EXERCISE REQUIREMENTS:
A word-for-word restatement of the listing is the only acceptable answer.

DATA PROVIDED:
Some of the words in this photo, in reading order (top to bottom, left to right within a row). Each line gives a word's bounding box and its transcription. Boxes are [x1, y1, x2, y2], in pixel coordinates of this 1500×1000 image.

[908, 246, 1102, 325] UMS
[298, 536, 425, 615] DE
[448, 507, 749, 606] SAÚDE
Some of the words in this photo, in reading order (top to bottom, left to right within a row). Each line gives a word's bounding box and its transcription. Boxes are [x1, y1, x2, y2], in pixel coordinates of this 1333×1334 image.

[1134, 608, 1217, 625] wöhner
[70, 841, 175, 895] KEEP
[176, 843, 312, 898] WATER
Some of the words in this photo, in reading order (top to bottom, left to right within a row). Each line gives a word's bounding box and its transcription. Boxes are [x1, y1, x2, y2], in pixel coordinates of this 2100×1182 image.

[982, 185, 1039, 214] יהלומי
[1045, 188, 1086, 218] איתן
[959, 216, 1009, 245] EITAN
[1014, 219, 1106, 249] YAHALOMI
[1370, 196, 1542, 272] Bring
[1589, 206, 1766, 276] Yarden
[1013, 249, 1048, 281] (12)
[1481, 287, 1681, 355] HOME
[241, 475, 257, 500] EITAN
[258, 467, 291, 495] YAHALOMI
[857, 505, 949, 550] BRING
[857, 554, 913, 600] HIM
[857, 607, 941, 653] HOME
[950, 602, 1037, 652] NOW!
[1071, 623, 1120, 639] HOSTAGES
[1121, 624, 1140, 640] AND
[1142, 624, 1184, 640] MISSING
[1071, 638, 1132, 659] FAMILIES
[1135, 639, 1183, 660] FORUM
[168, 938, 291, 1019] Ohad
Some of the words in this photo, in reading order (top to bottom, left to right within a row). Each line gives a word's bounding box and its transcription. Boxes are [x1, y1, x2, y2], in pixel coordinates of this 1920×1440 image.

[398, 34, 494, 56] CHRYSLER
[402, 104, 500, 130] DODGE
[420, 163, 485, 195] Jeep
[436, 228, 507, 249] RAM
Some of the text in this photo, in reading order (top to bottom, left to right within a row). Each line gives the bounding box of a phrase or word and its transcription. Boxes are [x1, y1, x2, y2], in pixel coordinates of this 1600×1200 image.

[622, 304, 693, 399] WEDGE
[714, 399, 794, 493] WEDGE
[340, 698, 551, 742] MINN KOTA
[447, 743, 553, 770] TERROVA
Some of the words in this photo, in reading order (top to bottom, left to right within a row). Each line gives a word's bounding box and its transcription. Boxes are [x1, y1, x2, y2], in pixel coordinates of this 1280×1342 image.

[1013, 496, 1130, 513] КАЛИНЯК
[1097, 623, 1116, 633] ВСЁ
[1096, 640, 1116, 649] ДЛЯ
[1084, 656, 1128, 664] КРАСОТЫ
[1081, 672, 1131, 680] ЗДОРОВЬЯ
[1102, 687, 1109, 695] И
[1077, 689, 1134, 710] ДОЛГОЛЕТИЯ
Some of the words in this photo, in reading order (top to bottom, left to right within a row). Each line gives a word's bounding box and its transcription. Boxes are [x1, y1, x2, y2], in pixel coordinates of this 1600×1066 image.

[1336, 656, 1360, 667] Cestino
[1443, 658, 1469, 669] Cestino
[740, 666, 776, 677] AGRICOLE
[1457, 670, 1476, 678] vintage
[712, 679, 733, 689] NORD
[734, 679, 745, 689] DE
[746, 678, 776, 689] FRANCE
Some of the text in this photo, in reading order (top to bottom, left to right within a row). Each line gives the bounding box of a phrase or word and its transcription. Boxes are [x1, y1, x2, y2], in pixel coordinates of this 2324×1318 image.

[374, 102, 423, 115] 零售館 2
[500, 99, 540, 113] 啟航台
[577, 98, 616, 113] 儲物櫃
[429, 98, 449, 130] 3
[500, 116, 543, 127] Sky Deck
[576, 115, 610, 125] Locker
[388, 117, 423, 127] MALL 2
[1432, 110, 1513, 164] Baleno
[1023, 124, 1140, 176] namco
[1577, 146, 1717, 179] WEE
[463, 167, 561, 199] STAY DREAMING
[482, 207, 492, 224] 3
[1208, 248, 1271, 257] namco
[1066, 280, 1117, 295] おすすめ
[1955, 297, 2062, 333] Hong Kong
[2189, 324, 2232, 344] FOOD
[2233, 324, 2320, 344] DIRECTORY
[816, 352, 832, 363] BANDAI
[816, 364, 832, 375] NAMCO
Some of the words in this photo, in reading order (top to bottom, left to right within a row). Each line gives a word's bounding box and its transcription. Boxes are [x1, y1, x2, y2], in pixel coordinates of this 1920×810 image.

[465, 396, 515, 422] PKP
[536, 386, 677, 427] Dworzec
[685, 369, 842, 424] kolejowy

RESPONSE TO THE EXERCISE:
Some of the words in this photo, in reading order (top to bottom, left to right within a row). Each line gives a word's bounding box and its transcription. Boxes are [x1, y1, x2, y2], in pixel coordinates of this 1500×1000 image.

[908, 246, 1102, 325] UMS
[298, 536, 425, 615] DE
[448, 507, 749, 606] SAÚDE
Some of the words in this photo, in reading order (top to bottom, left to right within a row). Each line gives a word's bounding box and its transcription. Boxes are [x1, y1, x2, y2], in pixel coordinates of this 1333×1334 image.

[1134, 608, 1217, 625] wöhner
[70, 841, 175, 895] KEEP
[176, 843, 312, 898] WATER
Some of the words in this photo, in reading order (top to bottom, left to right within a row). Each line gives a word's bounding box and its transcription. Boxes are [x1, y1, x2, y2], in pixel coordinates of this 2100×1182 image.

[982, 185, 1039, 214] יהלומי
[1045, 188, 1086, 218] איתן
[959, 216, 1009, 245] EITAN
[1014, 219, 1106, 249] YAHALOMI
[1370, 196, 1542, 272] Bring
[1589, 206, 1766, 276] Yarden
[1013, 249, 1048, 281] (12)
[1481, 287, 1681, 355] HOME
[241, 475, 257, 500] EITAN
[258, 467, 291, 495] YAHALOMI
[857, 505, 949, 550] BRING
[857, 554, 913, 600] HIM
[857, 607, 941, 653] HOME
[950, 602, 1037, 652] NOW!
[1071, 623, 1120, 639] HOSTAGES
[1121, 624, 1140, 640] AND
[1142, 624, 1184, 640] MISSING
[1071, 638, 1132, 659] FAMILIES
[1135, 639, 1183, 660] FORUM
[168, 938, 291, 1019] Ohad
Some of the words in this photo, in reading order (top to bottom, left to right within a row). Each line gives a word's bounding box and its transcription. Boxes are [x1, y1, x2, y2], in pixel coordinates of this 1920×1440 image.

[398, 34, 494, 56] CHRYSLER
[402, 104, 500, 130] DODGE
[420, 163, 485, 195] Jeep
[436, 228, 507, 249] RAM
Some of the text in this photo, in reading order (top to bottom, left to right within a row). Each line gives the bounding box of a phrase or word and its transcription. Boxes are [x1, y1, x2, y2], in pixel coordinates of this 1600×1200 image.

[622, 304, 693, 399] WEDGE
[714, 399, 794, 493] WEDGE
[340, 698, 551, 742] MINN KOTA
[447, 743, 553, 770] TERROVA
Some of the words in this photo, in reading order (top to bottom, left to right within a row). Each line gives a word's bounding box and its transcription. Boxes are [x1, y1, x2, y2], in pixel coordinates of this 1280×1342 image.

[1013, 496, 1130, 513] КАЛИНЯК
[1097, 623, 1116, 633] ВСЁ
[1096, 640, 1116, 649] ДЛЯ
[1084, 656, 1128, 664] КРАСОТЫ
[1081, 672, 1131, 680] ЗДОРОВЬЯ
[1102, 687, 1109, 695] И
[1077, 689, 1134, 710] ДОЛГОЛЕТИЯ
Some of the words in this photo, in reading order (top to bottom, left to right within a row). Each line gives a word's bounding box and its transcription. Boxes are [x1, y1, x2, y2], in pixel coordinates of this 1600×1066 image.

[1336, 656, 1360, 667] Cestino
[1443, 658, 1469, 669] Cestino
[740, 666, 776, 677] AGRICOLE
[1457, 670, 1476, 678] vintage
[712, 679, 733, 689] NORD
[734, 679, 745, 689] DE
[746, 678, 776, 689] FRANCE
Some of the text in this photo, in reading order (top to bottom, left to right within a row). Each line gives the bounding box of a phrase or word and its transcription. Boxes are [x1, y1, x2, y2], in pixel coordinates of this 2324×1318 image.

[374, 102, 423, 115] 零售館 2
[500, 99, 540, 113] 啟航台
[577, 98, 616, 113] 儲物櫃
[429, 98, 449, 130] 3
[500, 116, 543, 127] Sky Deck
[576, 115, 610, 125] Locker
[388, 117, 423, 127] MALL 2
[1432, 110, 1513, 164] Baleno
[1023, 124, 1140, 176] namco
[1577, 146, 1717, 179] WEE
[463, 167, 561, 199] STAY DREAMING
[482, 207, 492, 224] 3
[1208, 248, 1271, 257] namco
[1066, 280, 1117, 295] おすすめ
[1955, 297, 2062, 333] Hong Kong
[2189, 324, 2232, 344] FOOD
[2233, 324, 2320, 344] DIRECTORY
[816, 352, 832, 363] BANDAI
[816, 364, 832, 375] NAMCO
Some of the words in this photo, in reading order (top to bottom, left to right within a row). Each line gives a word's bounding box and its transcription. Boxes are [x1, y1, x2, y2], in pixel coordinates of this 1920×810 image.

[465, 396, 515, 422] PKP
[536, 386, 677, 427] Dworzec
[685, 369, 842, 424] kolejowy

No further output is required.